* Requirement: Copy all entries exactly.

* Data listing:
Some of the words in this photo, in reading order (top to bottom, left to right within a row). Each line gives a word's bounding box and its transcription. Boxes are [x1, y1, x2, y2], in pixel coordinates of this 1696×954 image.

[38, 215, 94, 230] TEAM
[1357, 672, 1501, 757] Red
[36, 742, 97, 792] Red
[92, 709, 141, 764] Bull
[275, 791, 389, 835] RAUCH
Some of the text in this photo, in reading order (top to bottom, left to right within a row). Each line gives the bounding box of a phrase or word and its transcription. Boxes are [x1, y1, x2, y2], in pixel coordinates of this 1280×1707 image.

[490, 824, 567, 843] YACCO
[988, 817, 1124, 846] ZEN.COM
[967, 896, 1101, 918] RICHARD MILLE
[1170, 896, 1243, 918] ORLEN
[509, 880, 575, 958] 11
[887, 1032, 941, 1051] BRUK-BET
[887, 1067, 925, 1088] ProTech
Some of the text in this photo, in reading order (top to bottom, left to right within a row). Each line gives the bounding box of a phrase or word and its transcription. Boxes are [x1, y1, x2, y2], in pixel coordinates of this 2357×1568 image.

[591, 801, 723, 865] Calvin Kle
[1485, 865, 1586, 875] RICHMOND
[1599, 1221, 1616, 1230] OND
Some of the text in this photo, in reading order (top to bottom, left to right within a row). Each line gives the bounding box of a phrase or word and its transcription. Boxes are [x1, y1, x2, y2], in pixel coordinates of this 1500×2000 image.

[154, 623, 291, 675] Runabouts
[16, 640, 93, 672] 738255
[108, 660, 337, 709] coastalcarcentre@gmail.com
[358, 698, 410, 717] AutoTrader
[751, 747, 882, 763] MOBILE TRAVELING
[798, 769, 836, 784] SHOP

* Output below:
Some of the words in this photo, in reading order (top to bottom, left to right within a row). Each line gives a word's bounding box and its transcription. Boxes are [x1, y1, x2, y2], in pixel coordinates of this 1696×954 image.

[38, 215, 94, 230] TEAM
[1357, 672, 1501, 757] Red
[36, 742, 97, 792] Red
[92, 709, 141, 764] Bull
[275, 791, 389, 835] RAUCH
Some of the text in this photo, in reading order (top to bottom, left to right within a row). Each line gives the bounding box of a phrase or word and its transcription. Boxes are [x1, y1, x2, y2], in pixel coordinates of this 1280×1707 image.

[490, 824, 567, 843] YACCO
[988, 817, 1124, 846] ZEN.COM
[967, 896, 1101, 918] RICHARD MILLE
[1170, 896, 1243, 918] ORLEN
[509, 880, 575, 958] 11
[887, 1032, 941, 1051] BRUK-BET
[887, 1067, 925, 1088] ProTech
Some of the text in this photo, in reading order (top to bottom, left to right within a row). Each line gives the bounding box of a phrase or word and its transcription. Boxes are [x1, y1, x2, y2], in pixel coordinates of this 2357×1568 image.

[591, 801, 723, 865] Calvin Kle
[1485, 865, 1586, 875] RICHMOND
[1599, 1221, 1616, 1230] OND
Some of the text in this photo, in reading order (top to bottom, left to right within a row). Each line gives the bounding box of a phrase or word and its transcription. Boxes are [x1, y1, x2, y2], in pixel coordinates of this 1500×2000 image.

[154, 623, 291, 675] Runabouts
[16, 640, 93, 672] 738255
[108, 660, 337, 709] coastalcarcentre@gmail.com
[358, 698, 410, 717] AutoTrader
[751, 747, 882, 763] MOBILE TRAVELING
[798, 769, 836, 784] SHOP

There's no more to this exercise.